EL CHIVO EXPIATORIO
“La mujer que me diste por compañera me dio de ese fruto y yo comí. Entonces YHVH le preguntó a la mujer: ¿qué es lo que has hecho? La serpiente me engañó y comí – contestó ella”
(Génesis 3:12-13)
Desde inicios de la humanidad, el hombre ha buscado un “chivo expiatorio” a quien culpar de sus problemas. El hombre dijo que la culpa era de la mujer que YHVH le había dado por esposa. La mujer dijo que era culpa de la serpiente. En resumen, YHVH le dio la mujer a Adán y fue quien puso a la serpiente en el Edén, conclusión la culpa es de YHVH.
Las tres depravaciones principales causadas por la caída fueron: 1. Egocentrismo – 2. Esconderse – 3. Culpar a otro.
Cuando alguien peca, generalmente sigue estos mismos pasos. Primero se vuelve egocéntrico, lo que hace que intente esconderse y por ende, culpa a otros de sus problemas e inventa excusas. Pero YHVH no perdona excusas, EL perdona el pecado. EL siempre está dispuesto a perdonarnos si nos arrepentimos. Arrepentirse es reconocer que la culpa es nuestra, que cometimos un error, que quebrantamos la Torá. El culpar a otros, es crear una barrera entre YHVH y nosotros, y entre los hermanos y nosotros.
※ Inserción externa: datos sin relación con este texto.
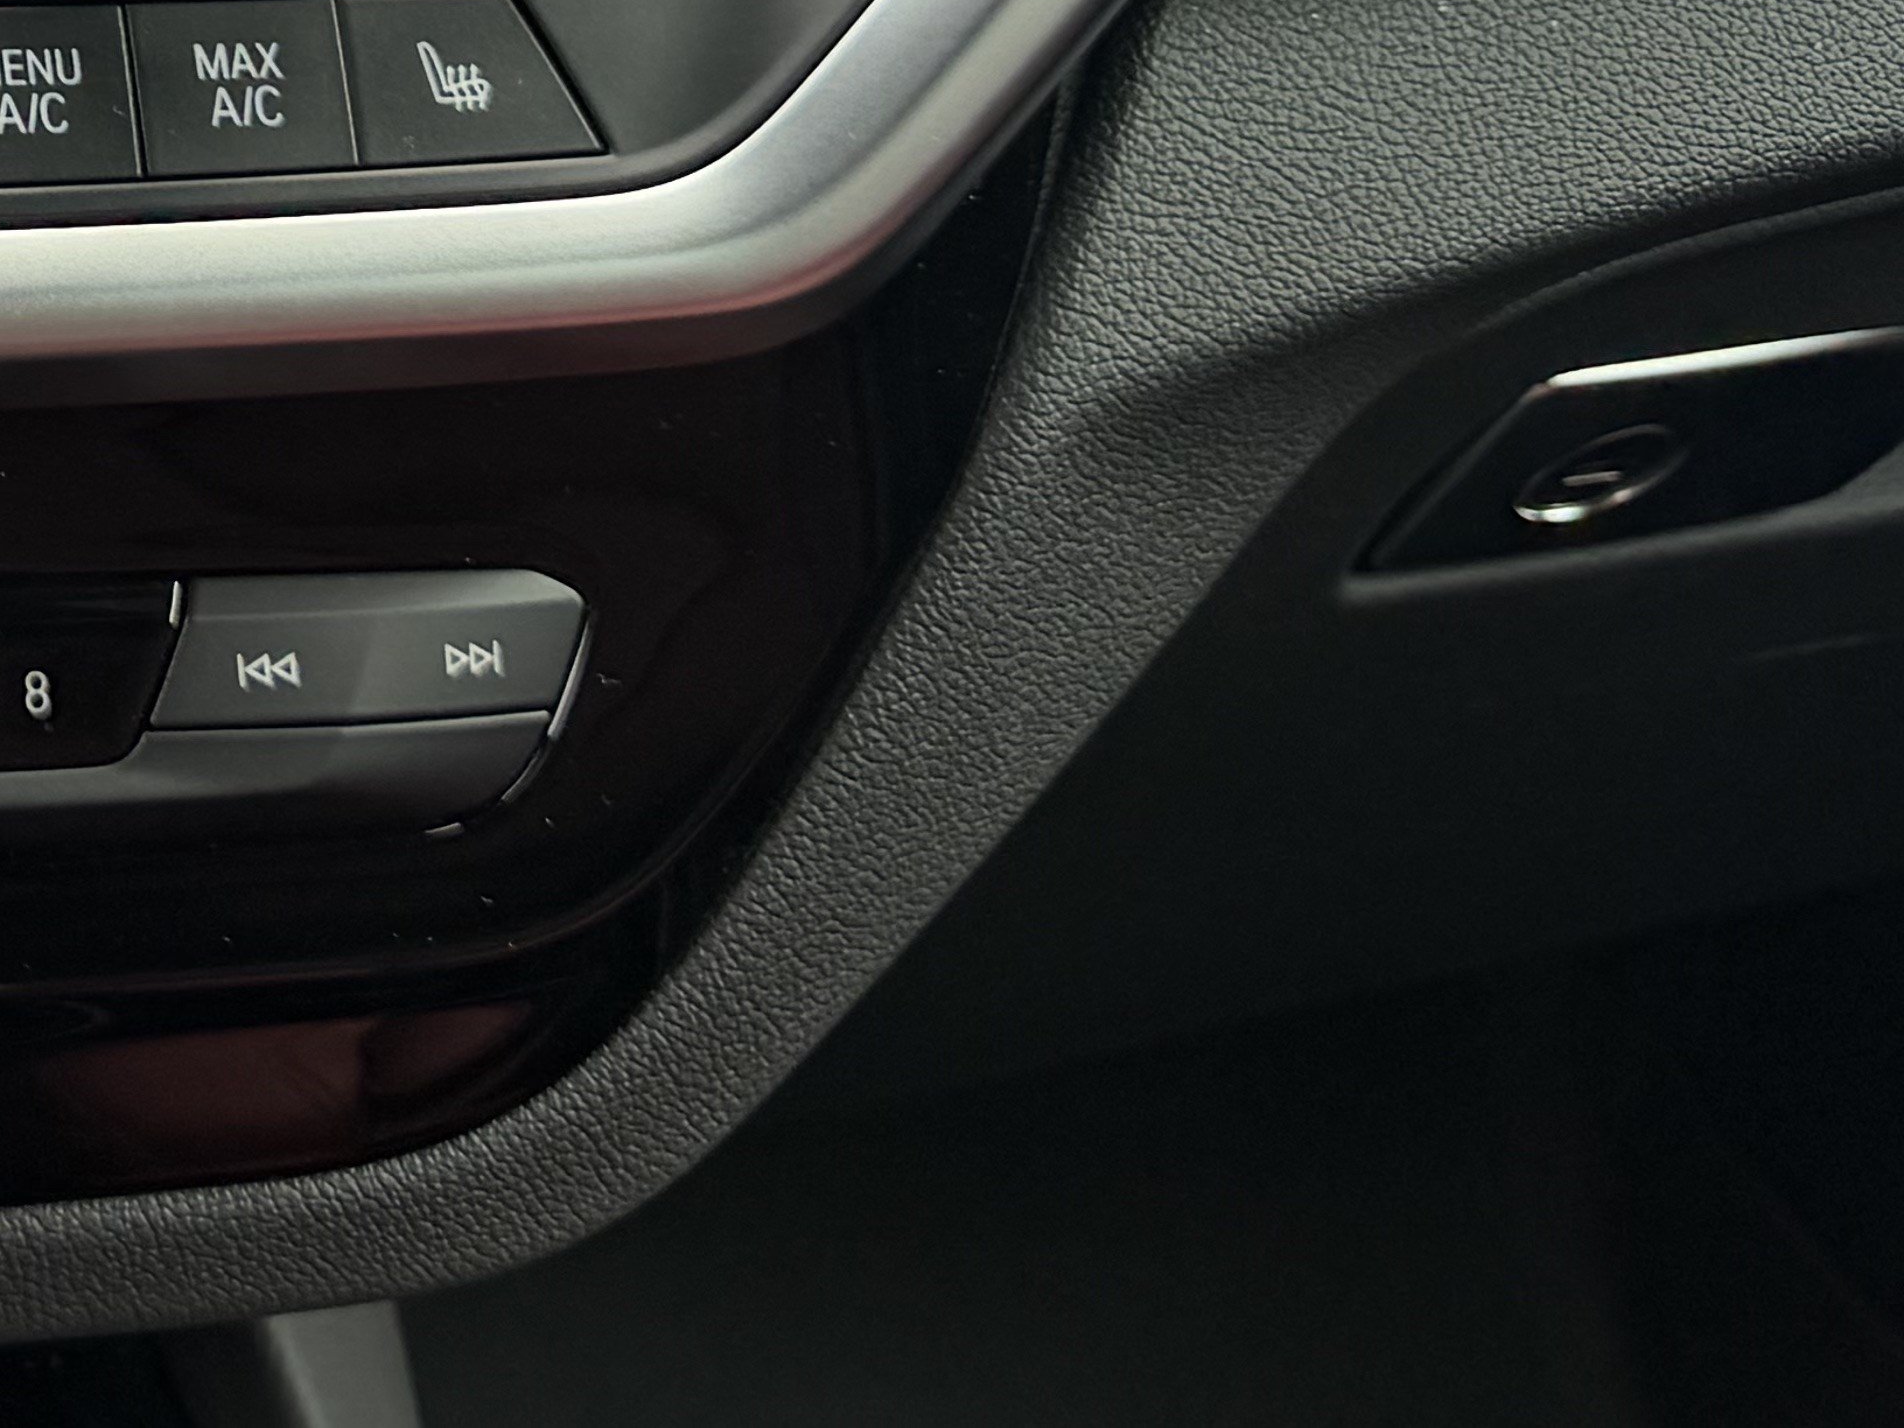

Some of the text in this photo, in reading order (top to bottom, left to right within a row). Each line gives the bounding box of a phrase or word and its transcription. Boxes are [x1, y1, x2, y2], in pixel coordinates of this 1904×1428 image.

Se necesita humildad para reconocer que nos equivocamos, pero YHVH le da gracia a los humildes. La humildad genuina nos lleva al verdadero arrepentimiento.
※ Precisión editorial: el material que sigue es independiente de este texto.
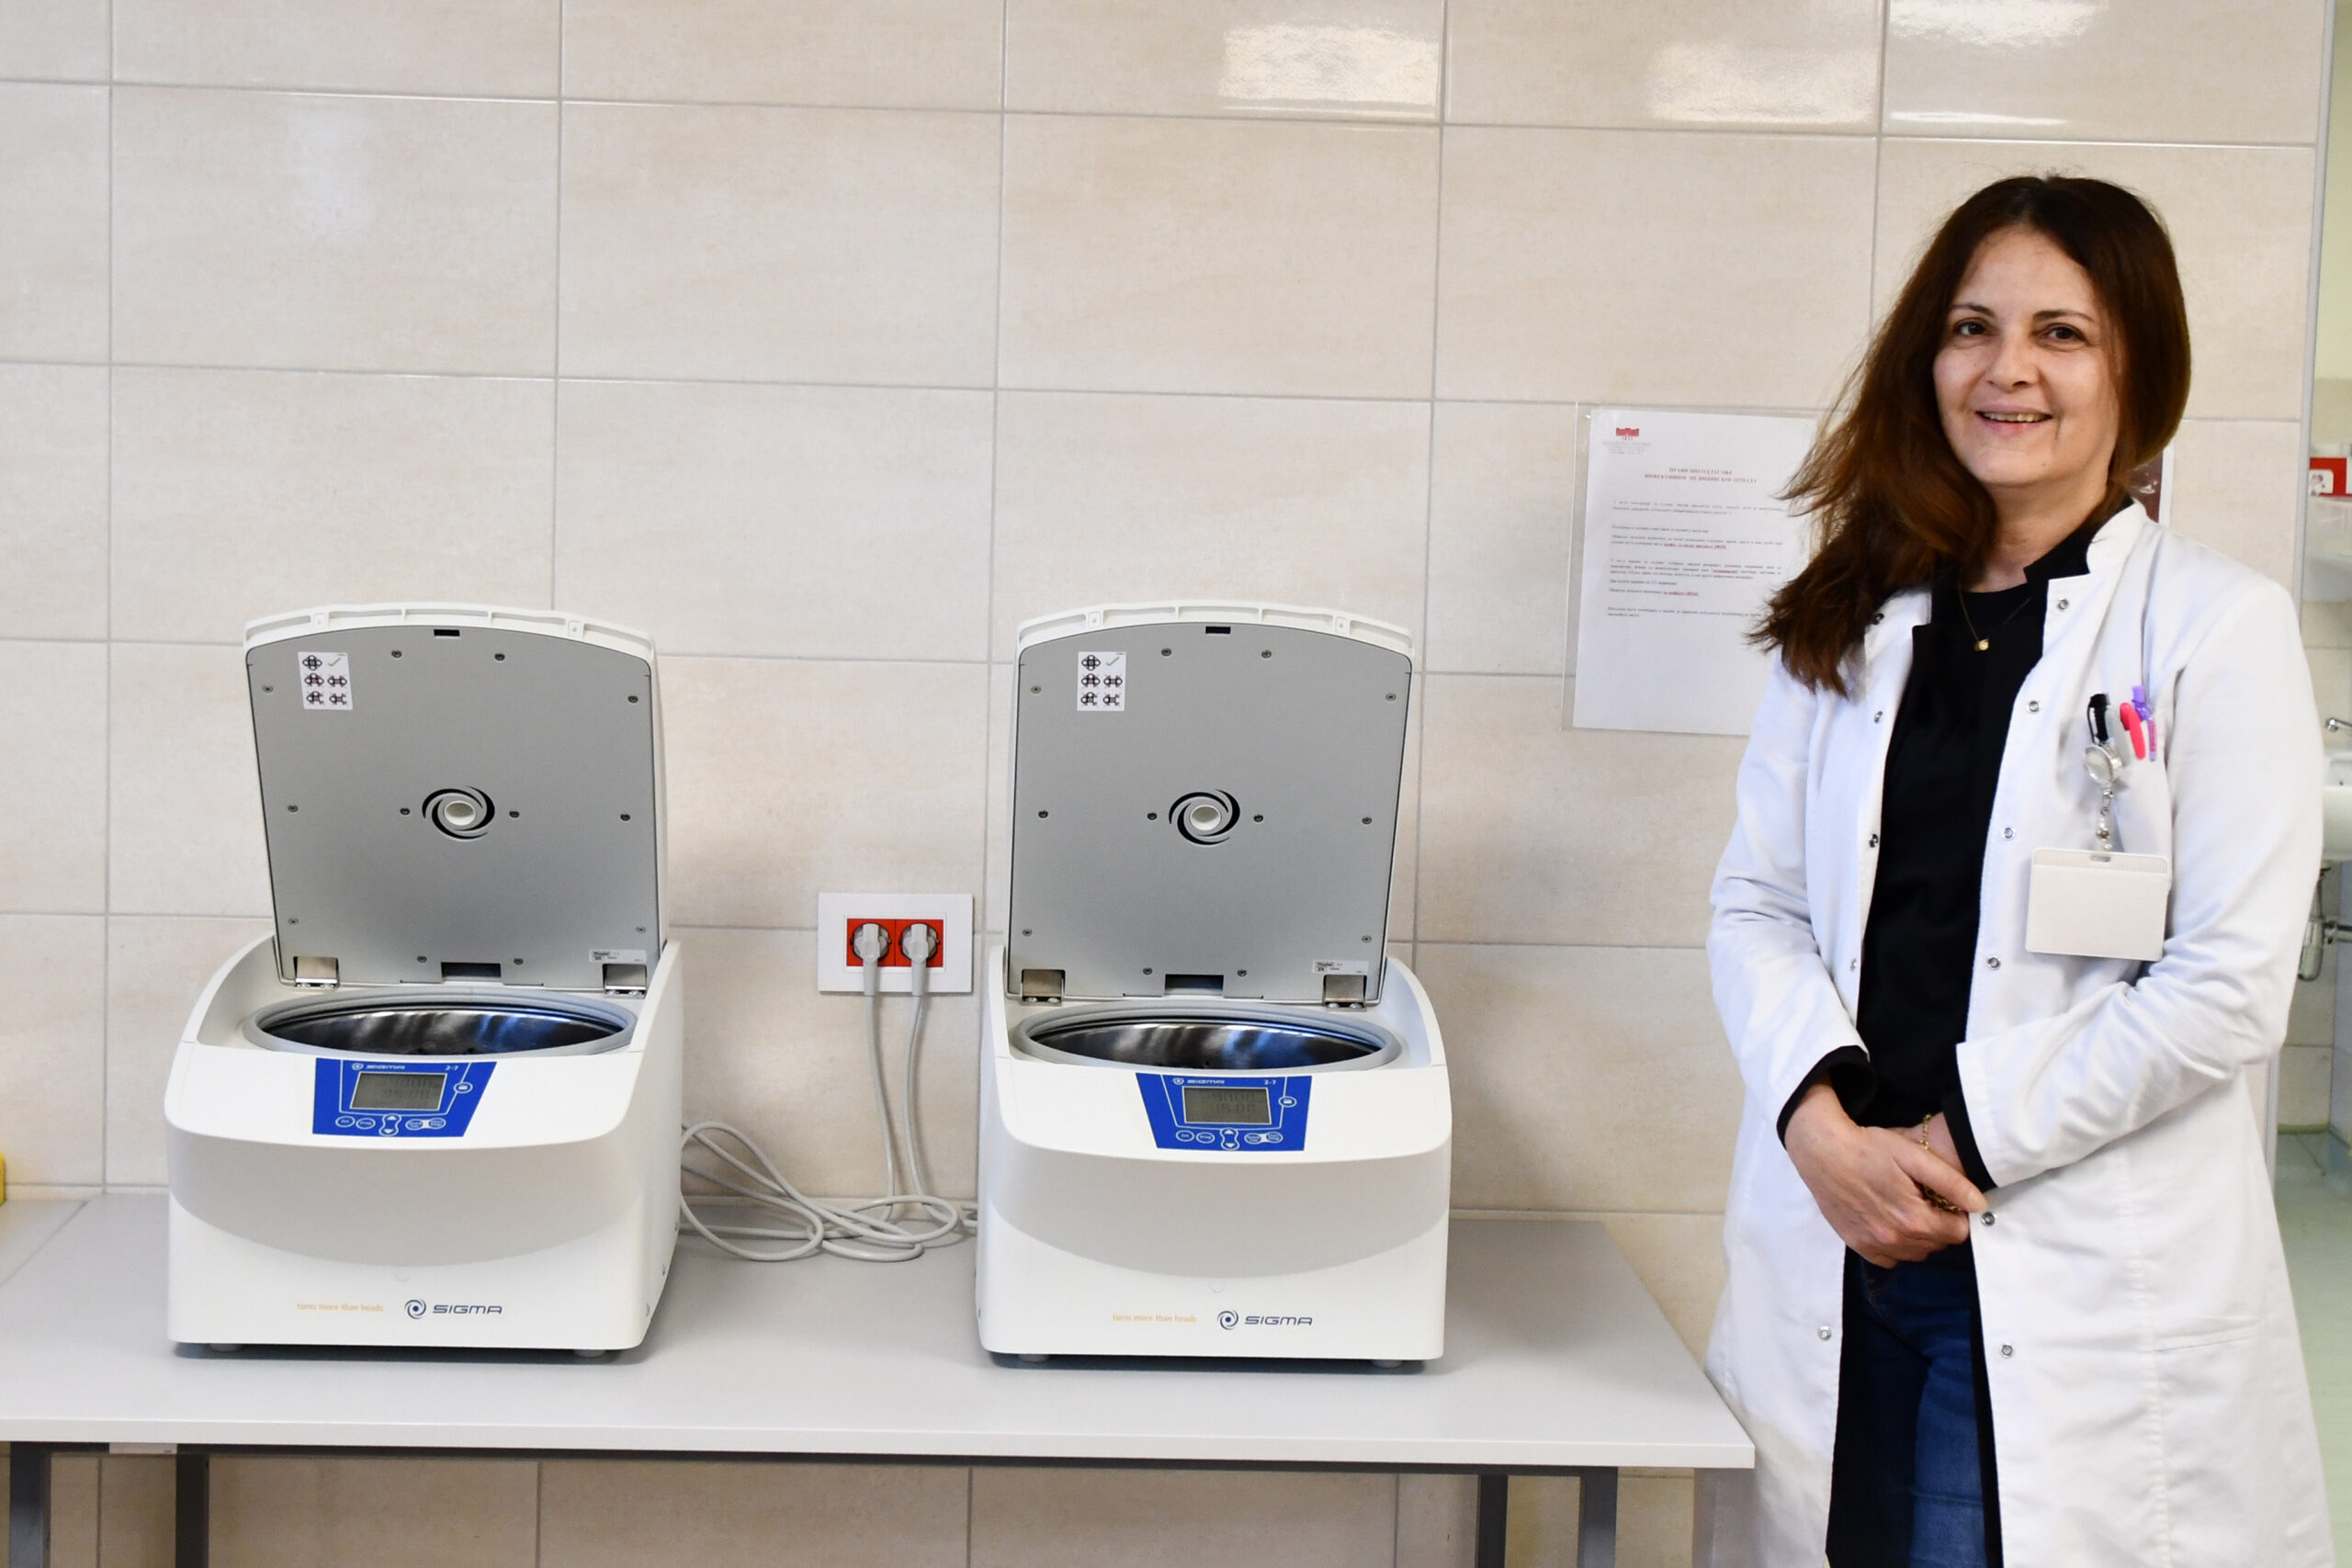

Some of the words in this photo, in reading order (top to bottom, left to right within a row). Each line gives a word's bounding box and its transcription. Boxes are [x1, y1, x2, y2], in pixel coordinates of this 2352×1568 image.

[297, 1303, 317, 1311] turns
[319, 1303, 339, 1312] more
[341, 1303, 359, 1312] than
[360, 1303, 384, 1313] heads
[433, 1304, 503, 1314] SIGMA
[1156, 1314, 1173, 1323] than
[1174, 1314, 1197, 1324] heads
[1244, 1315, 1313, 1325] SIGMA
Podemos culpar de nuestros errores a otras personas o a nuestro entorno, pero el culpar a otros no nos libra de las consecuencias de esos errores. No hay arrepentimiento genuino, hasta que aceptemos nuestra responsabilidad. Ahora, el entorno no es el problema. YHVH puso al hombre en un entorno perfecto y aún así pecó. Si el entorno fuera el problema, entonces YHVH solo tendría que redimir el entorno y no al hombre. Pero YHVH le dio autoridad al hombre sobre el entorno. Cuando el hombre es redimido, puede relacionarse adecuadamente y cambiar su entorno. Es cuestión de poner al caballo delante del carruaje no al revés.